The company’s non-GAAP earnings were down 23.2% to 63 cents on a year-over-year basis. A rise in operating expenses, interest expense, higher cost of revenues and a lackluster top-line performance proved to be a drag.

Inside the Headlines

Total revenue of $267.4 million fell short of the Zacks Consensus Estimate of $276 million and was down 2.5% on a year-over-year basis. The top line suffered mainly on account of the fact that a portion of revenues, which were expected in the fiscal second quarter, will be generated in the next quarter.

The company’s Licensing revenues were down 3.1% to $241.6 million year over year. Consumer Electronics showed marginal improvement, driven by higher revenues from DMA and home theater equipment. However, the other three sub-businesses of licensing, namely, Broadcasting, PC and Mobile Licensing, gave a drab performance, thus weighing on overall revenues at this segment. 

Licensing in “other markets” was up slightly in the reported quarter on the back of decent performance by Dolby Cinema. However, lower recoveries largely offset the improvement, thus thwarting growth.

In the fiscal second quarter, Product revenues came in at $20.7 million, up 3% on a year-over-year basis. Further, the Services segment witnessed year-over-year growth of 4.1% to $5.1 million. These segments continue to benefit from the increased number of clients interested in revamping theaters ahead of big releases.

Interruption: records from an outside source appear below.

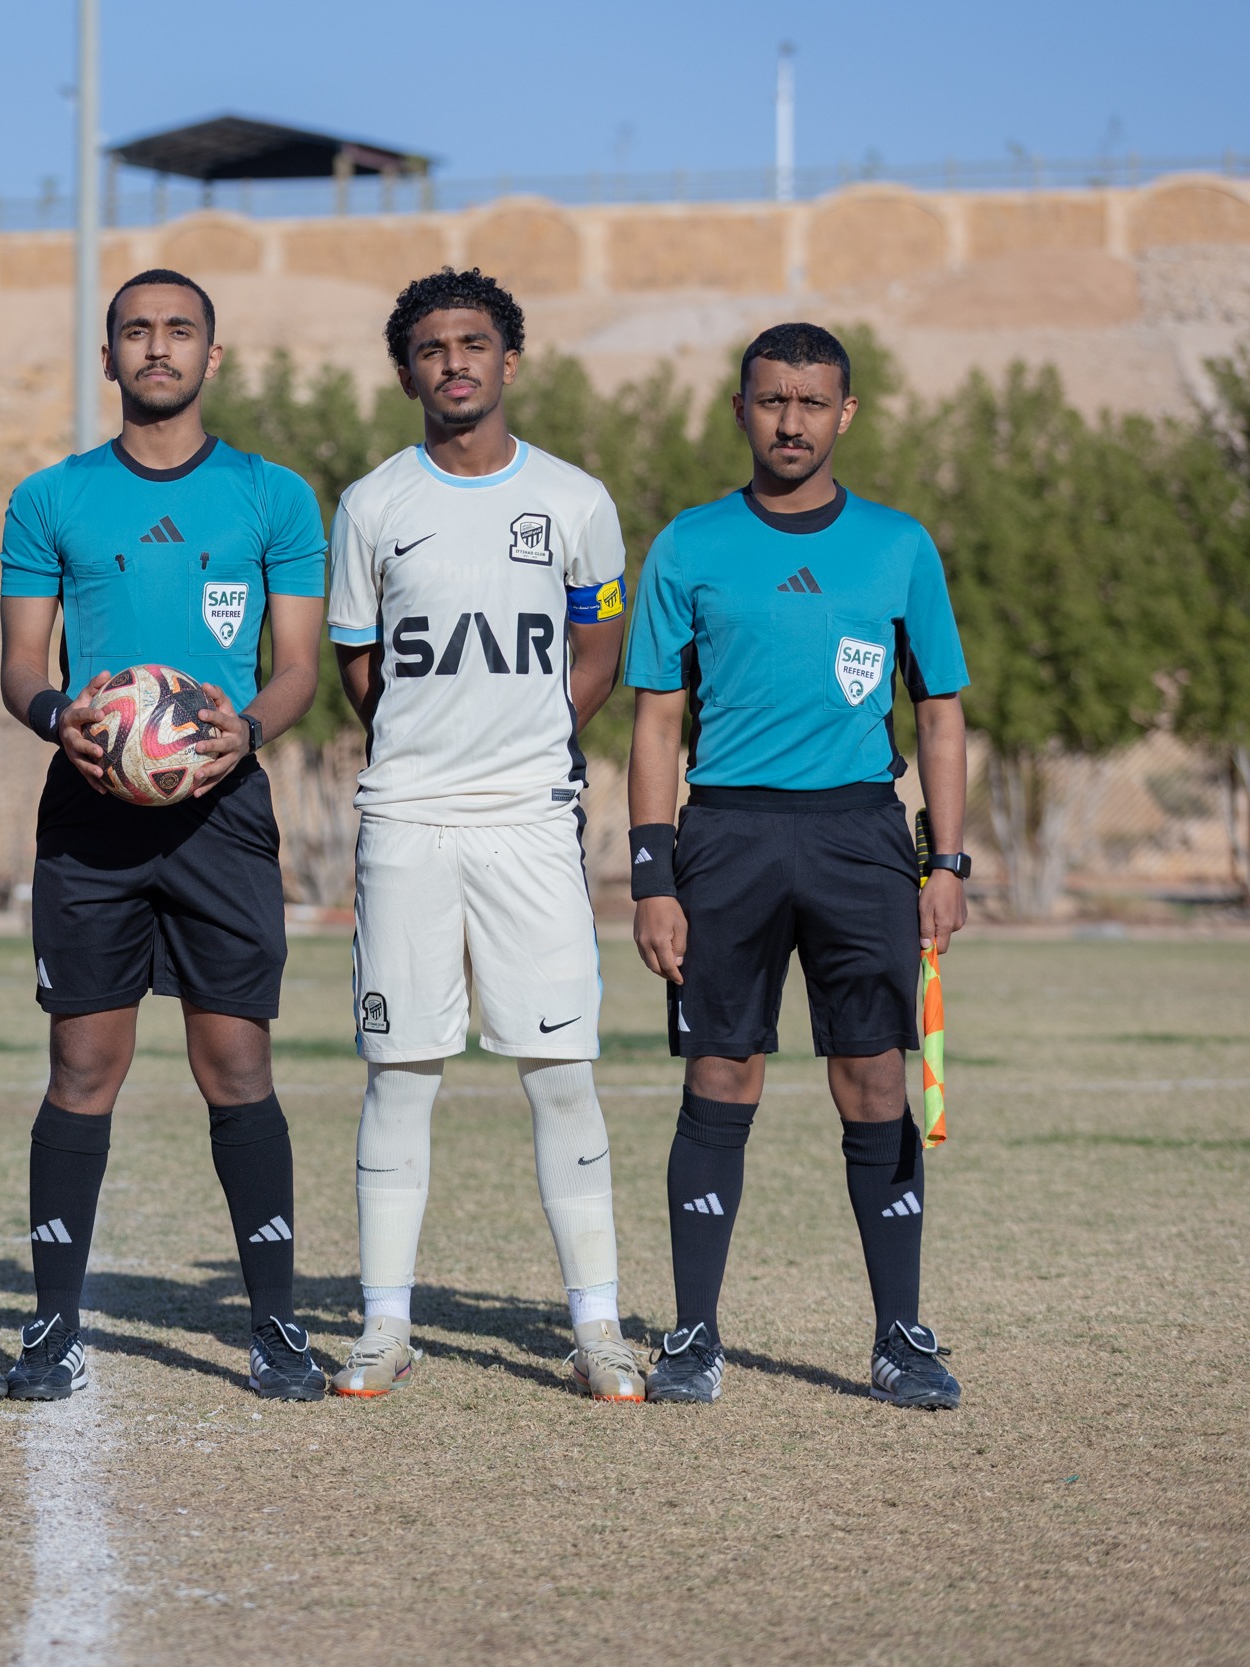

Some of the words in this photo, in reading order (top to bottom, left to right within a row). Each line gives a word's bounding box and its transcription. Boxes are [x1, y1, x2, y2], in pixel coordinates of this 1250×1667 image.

[208, 591, 245, 606] SAFF
[211, 610, 241, 618] REFEREE
[392, 612, 555, 678] SAR
[842, 646, 881, 667] SAFF
[843, 666, 874, 679] REFEREE

Dolby Laboratories Price, Consensus and EPS Surprise

 

Dolby Laboratories Price, Consensus and EPS Surprise | Dolby Laboratories Quote

Liquidity

As of Mar 31, 2017, Dolby had cash and cash equivalents of approximately $532.5 million, up from $516.1 million as of Sep 30, 2016.

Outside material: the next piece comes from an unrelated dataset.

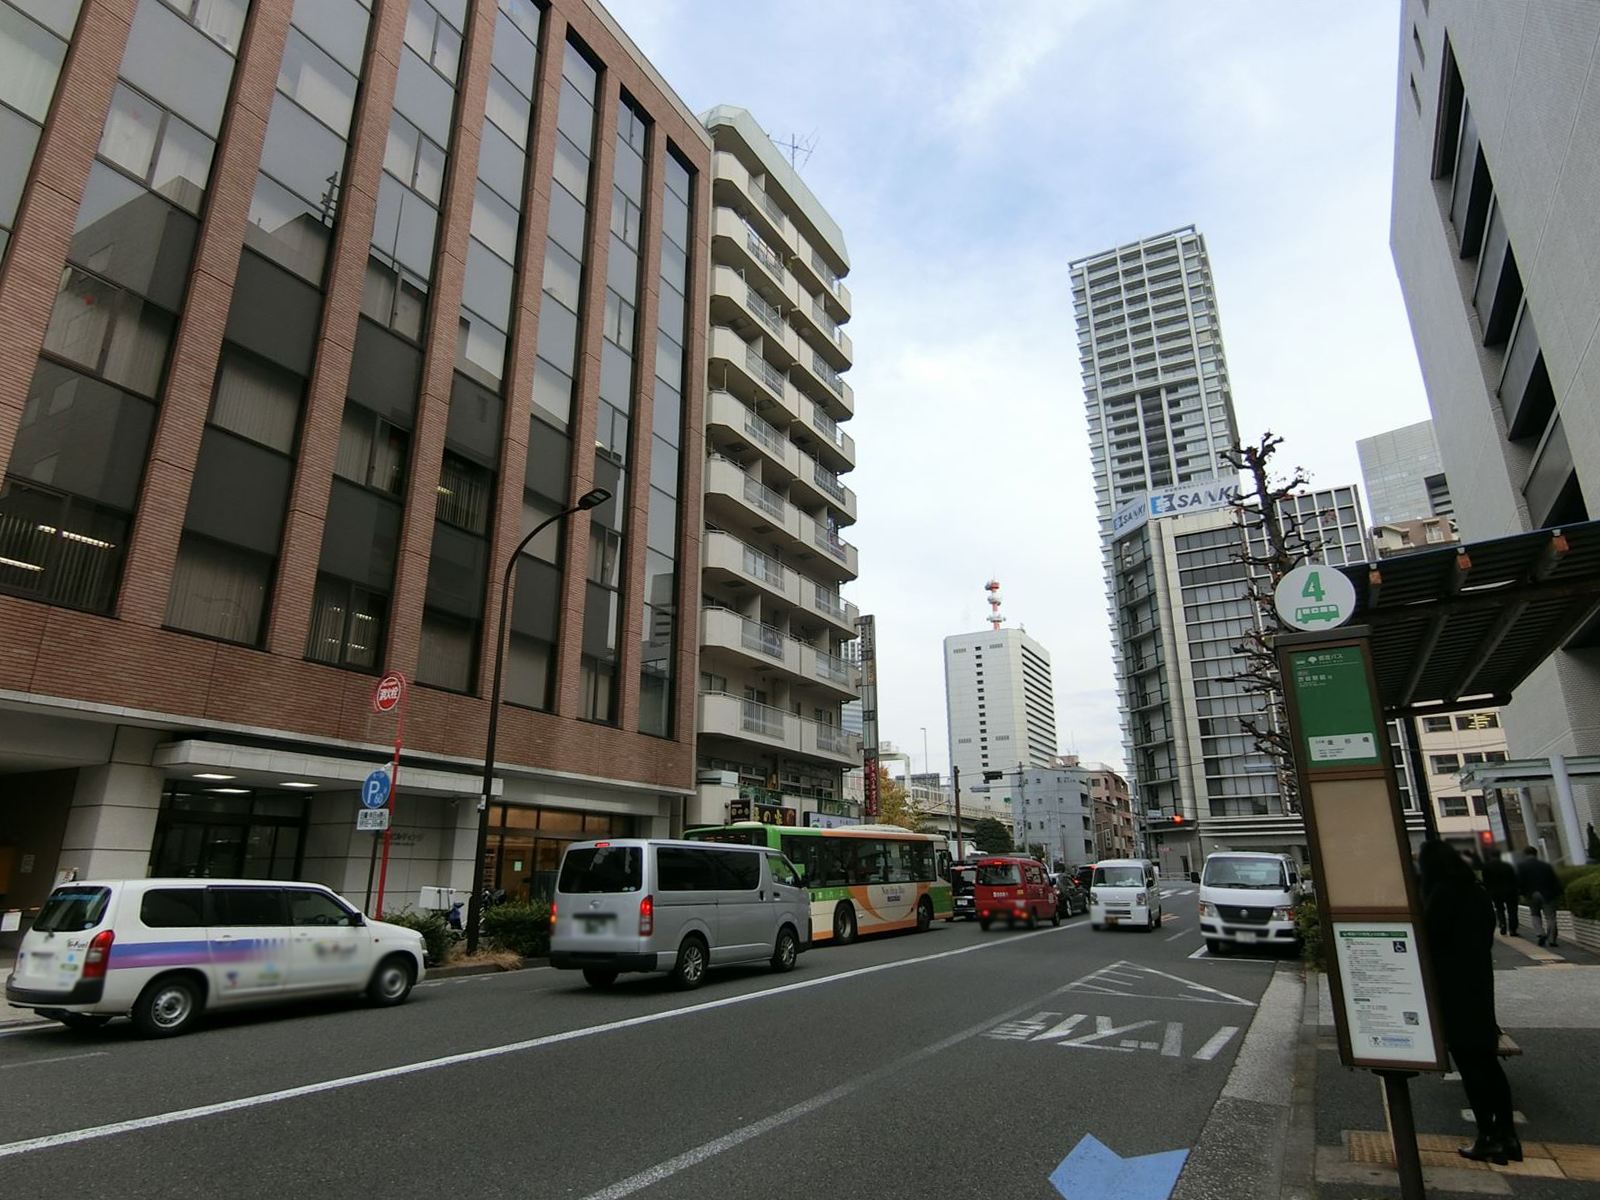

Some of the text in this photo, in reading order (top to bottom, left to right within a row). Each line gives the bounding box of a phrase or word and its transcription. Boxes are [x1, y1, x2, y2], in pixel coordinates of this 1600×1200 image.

[1177, 484, 1239, 508] SANKI
[1302, 571, 1326, 602] 4
[367, 780, 381, 804] P

In addition, net cash provided by operating activities came in at $155.3 million, marginally down from the year-ago tally of $156.9 million.

Dividend

The company announced a cash dividend of 14 cents per share of Class A and Class B common stock, that will be payable on May 16, 2017, to shareholders of record as of May 8, 2017.

Guidance

Concurrent with the earnings release, Dolby issued the guidance for third-quarter fiscal 2017 earnings and revenues. The company estimates non-GAAP earnings in the range of 75–81 cents, while revenues for are estimated within $290–$305 million.

Moreover, the company projects non-GAAP gross margin in the 89–90% band. Similarly, operating expenses are likely to be between $158 million and $162 million, on a non-GAAP basis.

Dolby tweaked its guidance for fiscal 2017. Currently, the company foresees total revenues in the range of $1.06–$1.10 billion from the earlier range of $1.06–$1.09 billion. While revenue initiatives, such as Dolby Cinema, Dolby Voice and consumer imaging programs are expected to fuel growth, declining demand for PCs, DVD, Blu-ray and home theater equipment are expected to play spoilsport.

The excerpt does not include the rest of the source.